講義・セミナー
学術講演会のお知らせ
以下のセミナーを開催いたします。
| 日 時 : | 2016年 9月 5日(月) 午後 3時〜 |
| 場 所 : | 神戸大学・バイオシグナル総合研究センター 5階研修室 |
| 講 師 : | 日下部 将之 博士(東北大学大学院農学研究科) |
| 演 題 : | 遺伝子破壊細胞と遺伝学的相補系を用いたヒストンバリアントH2A.Zの機能解析 |
講演要旨
真核生物のゲノムDNAはクロマチン構造を形成しており、クロマチン構造の動的変換を介してゲノム機能が制御される。近年、コアヒストンに代わってヌクレオソームに導入されるヒストンバリアントが、クロマチン構造変換に重要な寄与をする因子として注目されている。コアヒストンH2Aのバリアントの一つであるH2A.Zは、進化的に高い保存性を持ち、転写活性化、DNA損傷修復、染色体分配など様々なゲノム機能制御に寄与する。さらに近年、H2A.Zの機能異常と細胞がん化との関与も指摘されており、医学的にも興味深い研究対象である。しかし、H2A.Zによるゲノム機能制御の分子基盤は未だ多くの点が不明である。これまでに我々は、ニワトリDT40細胞を用いてテトラサイクリン誘導的H2A.Z欠損(H2A.Z KO)細胞の樹立を行い、H2A.Z KOによって転写活性化・誘導、DNA損傷修復、染色体分配、などの様々なゲノム機能に異常が生じることを観察している。
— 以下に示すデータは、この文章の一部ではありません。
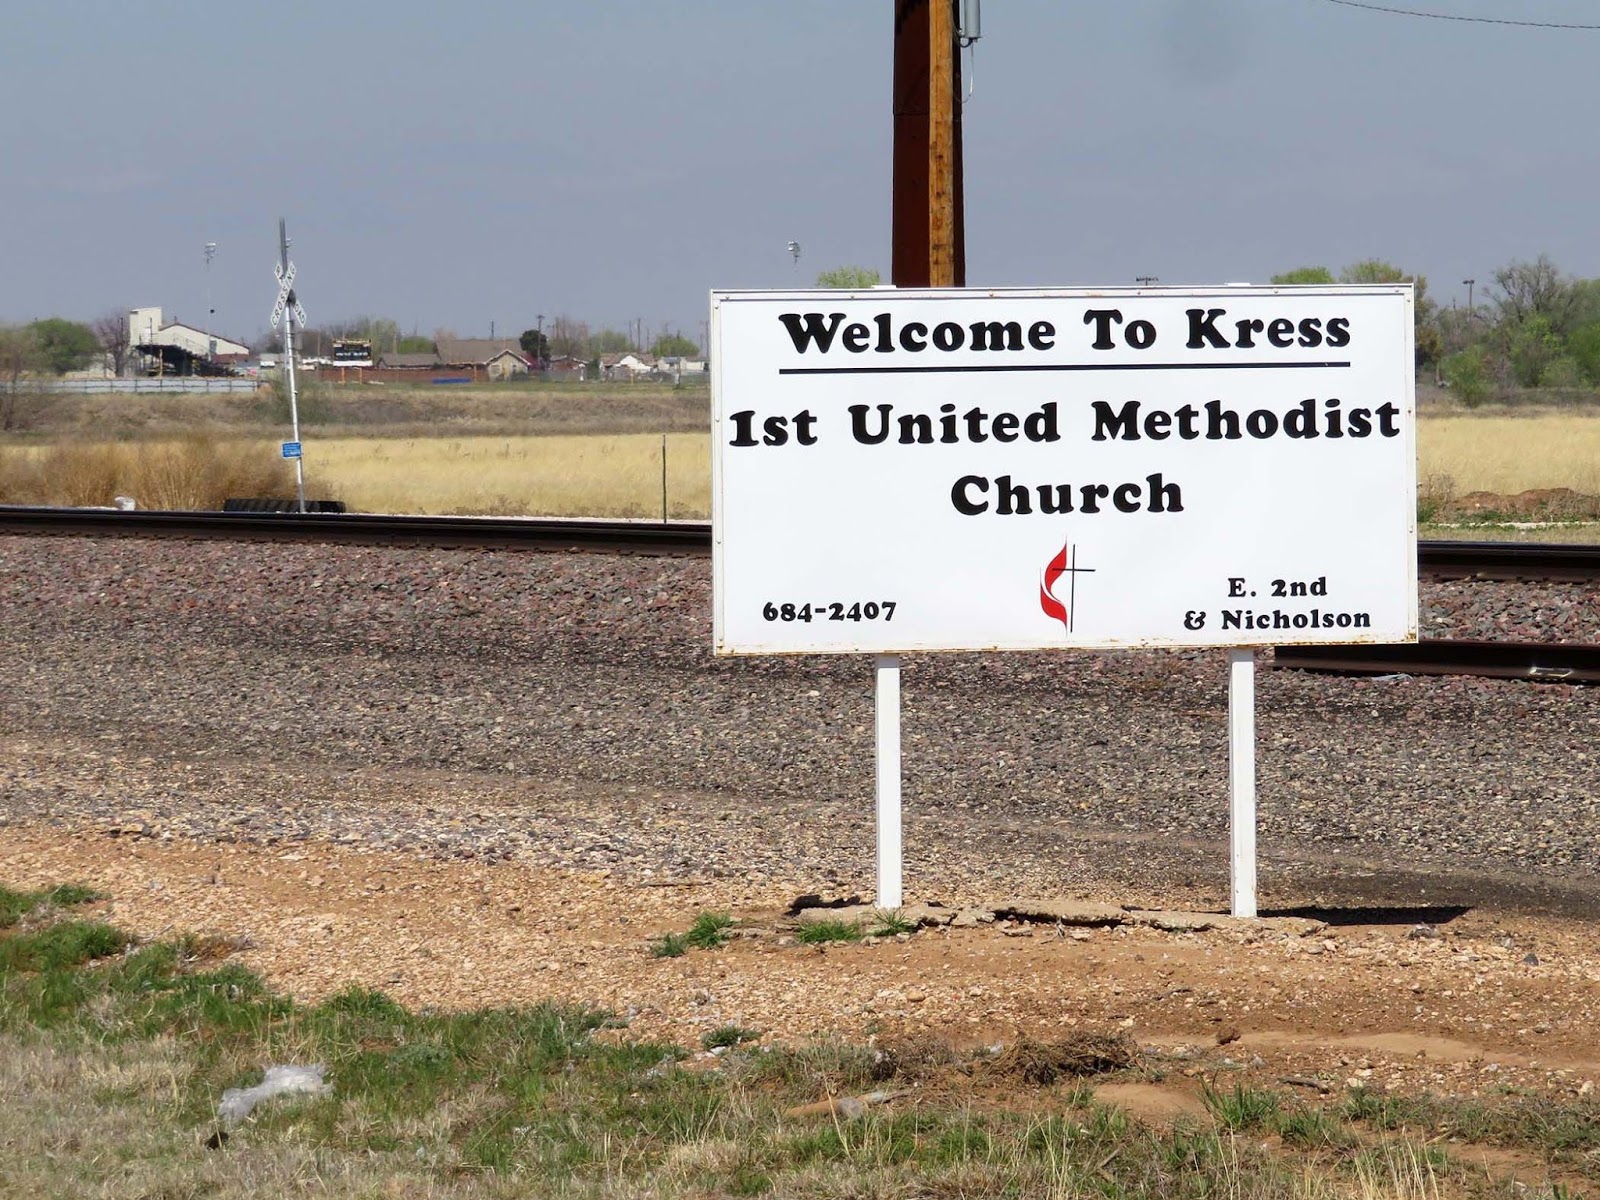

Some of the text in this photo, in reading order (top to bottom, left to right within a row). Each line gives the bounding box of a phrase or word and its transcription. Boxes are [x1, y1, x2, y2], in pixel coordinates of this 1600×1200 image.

[272, 265, 295, 325] CROSSING
[779, 308, 1351, 356] Welcome To Kress
[729, 399, 1400, 447] 1st United Methodist
[951, 473, 1185, 516] Church
[1228, 577, 1328, 598] E. 2nd
[763, 601, 897, 622] 684-2407
[1184, 608, 1371, 631] & Nicholson
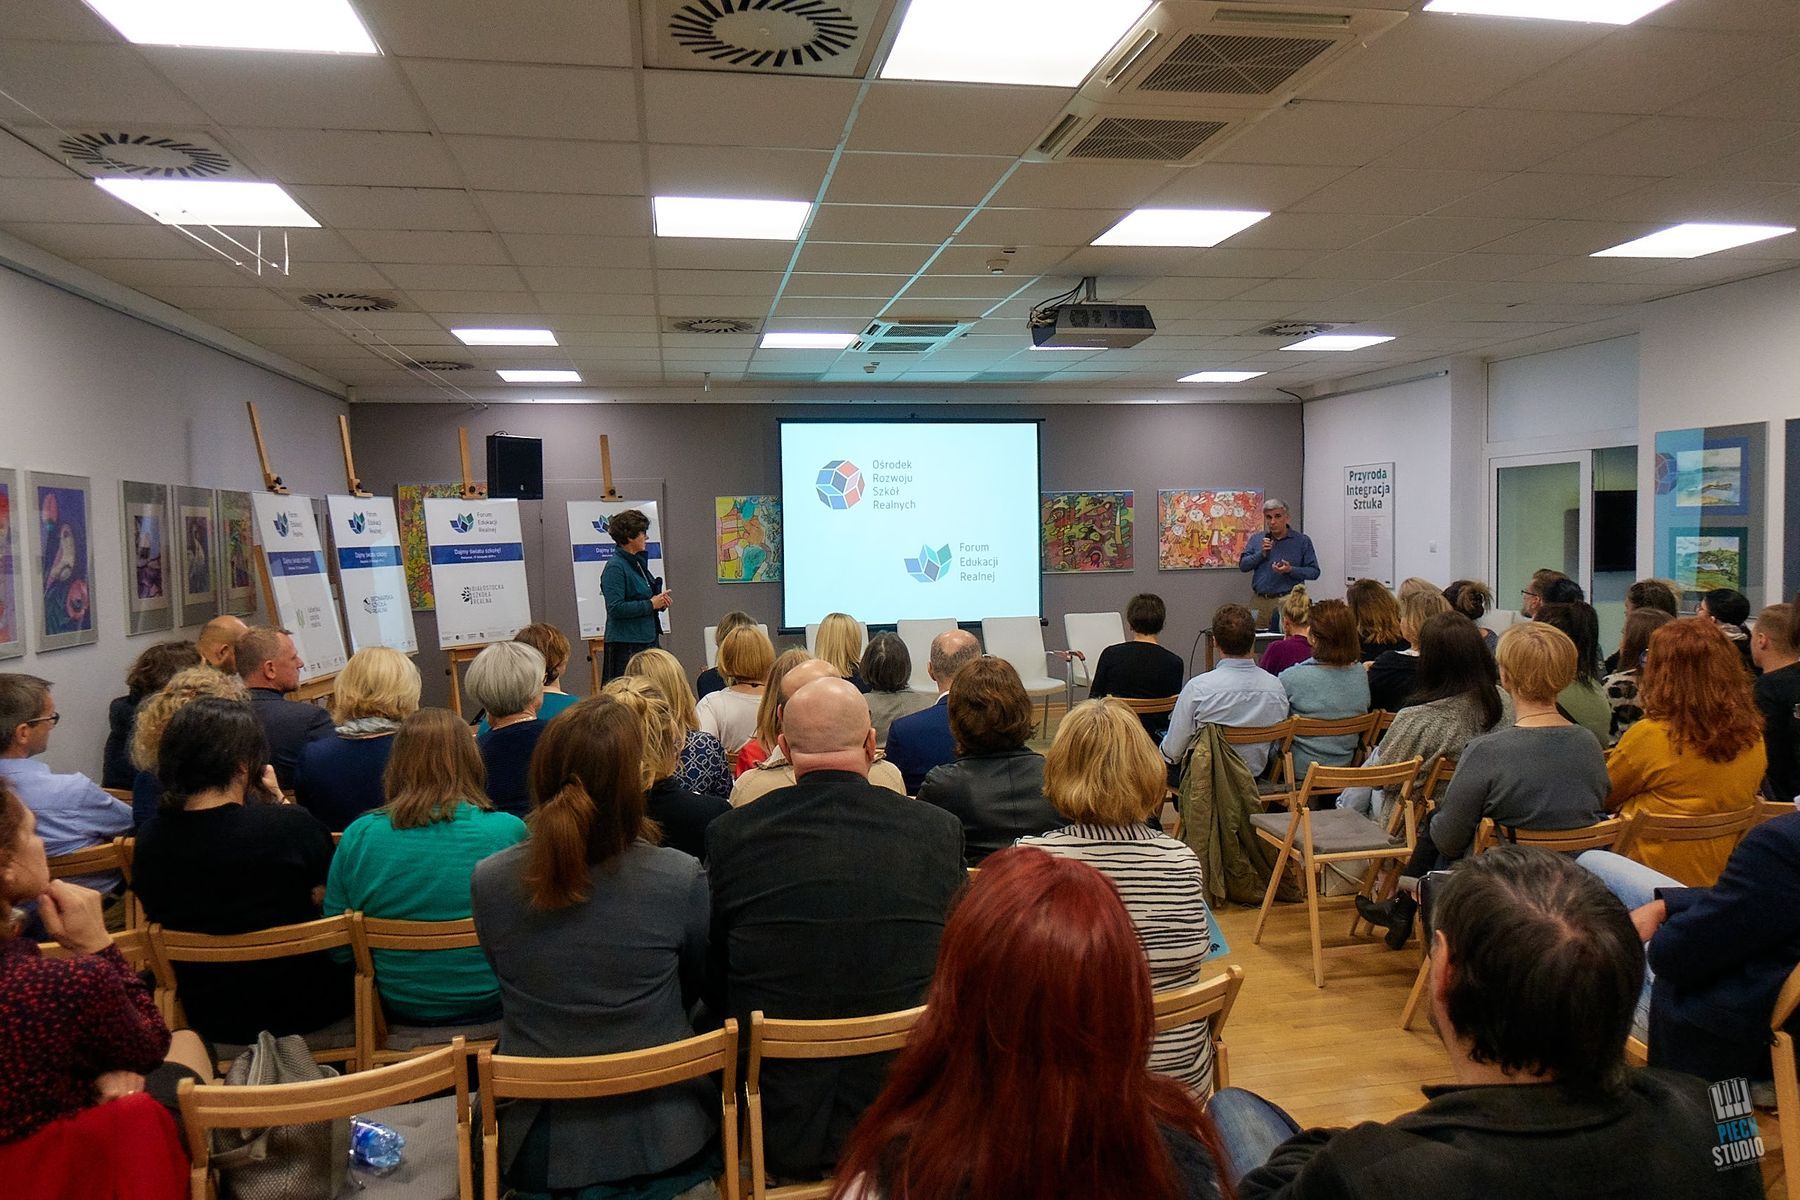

さらに、H2A.Z KO細胞に対して外来性変異H2A.Zを遺伝子導入し、全てのH2A.Zを外来性H2A.Zに置換した安定発現細胞株を樹立・解析する遺伝学的相補実験系を確立した。
この実験系を用いて、我々はアセチル化修飾を受ける機能領域であるH2A.Z N末端ヒストンテールの解析を行った。まず、非アセチル化型H2A.Zを安定発現する細胞株(KO/5KR-H2A.Z)を樹立し、野生型H2A.Z発現細胞(KO/H2A.Z)との表現型比較を行った。顕微鏡観察を行った結果、両外来性H2A.Zともに染色体分配異常は相補可能であった。次に、転写制御への影響を評価するため、外部刺激に応じて転写が迅速に活性化される転写誘導性遺伝子EGR1に着目し、転写誘導を解析した。この結果、KO/H2A.Zでは転写誘導が起こったが、KO/5KR-H2A.Zでは転写誘導が起こらなかった。さらに、クロマチン免疫沈降(ChIP)解析により、外部刺激時にEGR1遺伝子領域においてH2A.Zアセチル化が亢進することが観察された。これらの結果は、H2A.Zへのアセチル化修飾は、転写誘導に対して特異的な寄与をすることを示している。
さらに最近、我々は染色体分配において重要なH2A.Zの機能領域を同定するため、がん細胞における変異データベースを用いた探索を行った。興味深いことに、この探索によってがん細胞におけるH2A.Zの点変異(H2A.Z cancer-associated mutation : H2A.Z-CAM)が見出され、H2A.Z-CAMを安定発現する細胞株では染色体分配異常の頻度が増大することが示された。現在、H2A.Z-CAMによる影響を生化学的、細胞生物学的に解析しており、これらについても紹介したい。